WHAT NEEDS TO BE DONE — Could you repeat all of the entries exactly, leaving out any pictures?

[MATERIALS PROVIDED]

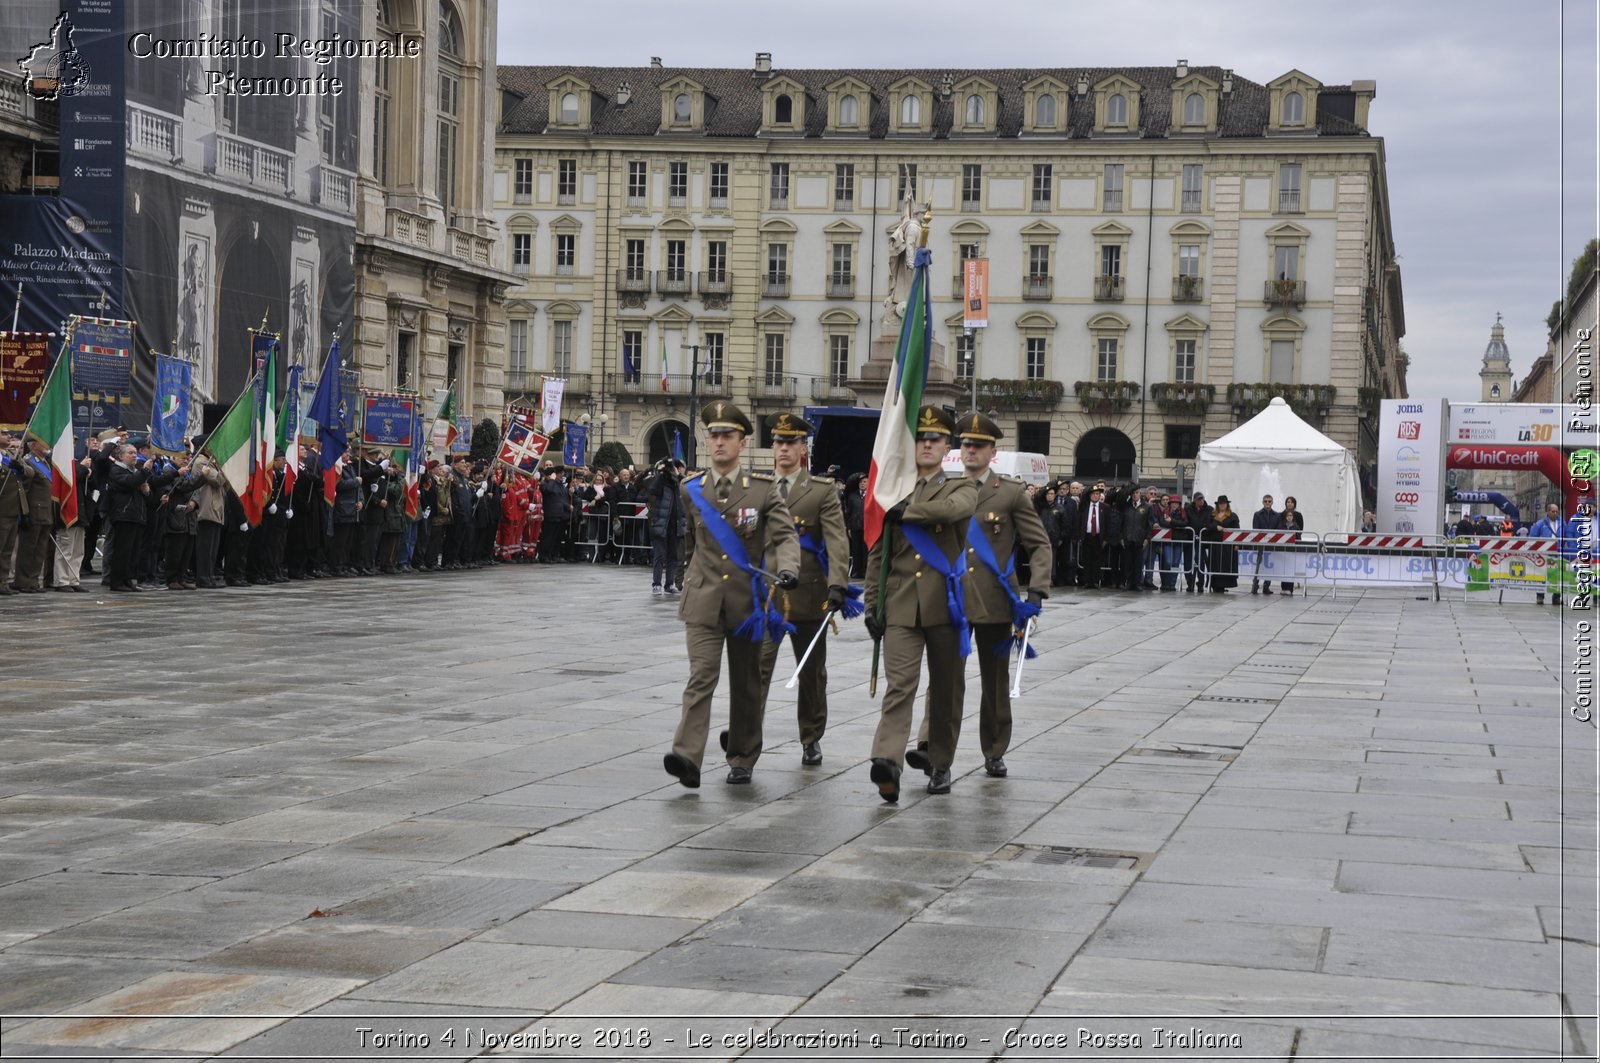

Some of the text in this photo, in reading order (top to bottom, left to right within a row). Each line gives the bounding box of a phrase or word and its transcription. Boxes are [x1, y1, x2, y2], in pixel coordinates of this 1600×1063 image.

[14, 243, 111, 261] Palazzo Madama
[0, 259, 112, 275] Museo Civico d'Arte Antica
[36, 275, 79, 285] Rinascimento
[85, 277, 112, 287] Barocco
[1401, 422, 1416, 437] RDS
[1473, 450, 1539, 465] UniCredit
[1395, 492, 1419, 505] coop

[/MATERIALS PROVIDED]

RESPONSE —
Some of the text in this photo, in reading order (top to bottom, left to right within a row). Each line gives the bounding box of a phrase or word and its transcription. Boxes are [x1, y1, x2, y2], in pixel coordinates of this 1600×1063 image.

[14, 243, 111, 261] Palazzo Madama
[0, 259, 112, 275] Museo Civico d'Arte Antica
[36, 275, 79, 285] Rinascimento
[85, 277, 112, 287] Barocco
[1401, 422, 1416, 437] RDS
[1473, 450, 1539, 465] UniCredit
[1395, 492, 1419, 505] coop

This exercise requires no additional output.